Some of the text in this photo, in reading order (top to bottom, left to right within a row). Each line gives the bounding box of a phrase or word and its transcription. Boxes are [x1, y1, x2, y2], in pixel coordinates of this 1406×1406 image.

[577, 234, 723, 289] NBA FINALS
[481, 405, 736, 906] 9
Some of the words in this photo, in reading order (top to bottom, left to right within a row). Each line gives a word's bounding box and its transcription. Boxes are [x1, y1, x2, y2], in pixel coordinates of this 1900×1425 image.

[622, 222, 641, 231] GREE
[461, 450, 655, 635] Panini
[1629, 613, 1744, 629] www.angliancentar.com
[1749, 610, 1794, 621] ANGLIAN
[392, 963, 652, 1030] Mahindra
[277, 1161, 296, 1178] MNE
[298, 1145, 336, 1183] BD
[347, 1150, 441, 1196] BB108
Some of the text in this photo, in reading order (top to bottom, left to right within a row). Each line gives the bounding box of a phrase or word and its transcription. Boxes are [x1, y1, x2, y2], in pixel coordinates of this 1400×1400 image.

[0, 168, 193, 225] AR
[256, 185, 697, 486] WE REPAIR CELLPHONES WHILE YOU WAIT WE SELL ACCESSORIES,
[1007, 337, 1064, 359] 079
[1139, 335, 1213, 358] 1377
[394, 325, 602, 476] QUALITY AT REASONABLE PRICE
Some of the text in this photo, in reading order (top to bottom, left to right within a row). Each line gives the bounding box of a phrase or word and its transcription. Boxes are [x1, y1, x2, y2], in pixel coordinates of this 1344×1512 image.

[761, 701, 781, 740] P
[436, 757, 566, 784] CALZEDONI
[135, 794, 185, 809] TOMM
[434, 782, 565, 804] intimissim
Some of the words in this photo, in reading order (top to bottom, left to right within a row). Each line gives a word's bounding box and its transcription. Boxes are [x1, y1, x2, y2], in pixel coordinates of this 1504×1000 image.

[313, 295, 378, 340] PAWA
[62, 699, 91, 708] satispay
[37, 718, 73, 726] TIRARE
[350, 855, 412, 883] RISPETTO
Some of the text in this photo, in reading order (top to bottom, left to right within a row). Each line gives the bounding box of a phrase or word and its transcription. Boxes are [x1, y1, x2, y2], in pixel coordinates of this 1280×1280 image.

++++++

*Action item*: The answer is to be the complete listing, transcribed exactly.

*Answer space*:
Some of the text in this photo, in reading order (top to bottom, left to right within a row). Each line gives the bounding box of a phrase or word and its transcription. Boxes are [x1, y1, x2, y2], in pixel coordinates of this 1406×1406 image.

[577, 234, 723, 289] NBA FINALS
[481, 405, 736, 906] 9
Some of the words in this photo, in reading order (top to bottom, left to right within a row). Each line gives a word's bounding box and its transcription. Boxes are [x1, y1, x2, y2], in pixel coordinates of this 1900×1425 image.

[622, 222, 641, 231] GREE
[461, 450, 655, 635] Panini
[1629, 613, 1744, 629] www.angliancentar.com
[1749, 610, 1794, 621] ANGLIAN
[392, 963, 652, 1030] Mahindra
[277, 1161, 296, 1178] MNE
[298, 1145, 336, 1183] BD
[347, 1150, 441, 1196] BB108
Some of the text in this photo, in reading order (top to bottom, left to right within a row). Each line gives the bounding box of a phrase or word and its transcription. Boxes are [x1, y1, x2, y2], in pixel coordinates of this 1400×1400 image.

[0, 168, 193, 225] AR
[256, 185, 697, 486] WE REPAIR CELLPHONES WHILE YOU WAIT WE SELL ACCESSORIES,
[1007, 337, 1064, 359] 079
[1139, 335, 1213, 358] 1377
[394, 325, 602, 476] QUALITY AT REASONABLE PRICE
Some of the text in this photo, in reading order (top to bottom, left to right within a row). Each line gives the bounding box of a phrase or word and its transcription. Boxes are [x1, y1, x2, y2], in pixel coordinates of this 1344×1512 image.

[761, 701, 781, 740] P
[436, 757, 566, 784] CALZEDONI
[135, 794, 185, 809] TOMM
[434, 782, 565, 804] intimissim
Some of the words in this photo, in reading order (top to bottom, left to right within a row). Each line gives a word's bounding box and its transcription. Boxes are [x1, y1, x2, y2], in pixel coordinates of this 1504×1000 image.

[313, 295, 378, 340] PAWA
[62, 699, 91, 708] satispay
[37, 718, 73, 726] TIRARE
[350, 855, 412, 883] RISPETTO
Some of the text in this photo, in reading order (top to bottom, left to right within a row). Each line gives the bounding box of a phrase or word and its transcription. Boxes are [x1, y1, x2, y2], in pixel coordinates of this 1280×1280 image.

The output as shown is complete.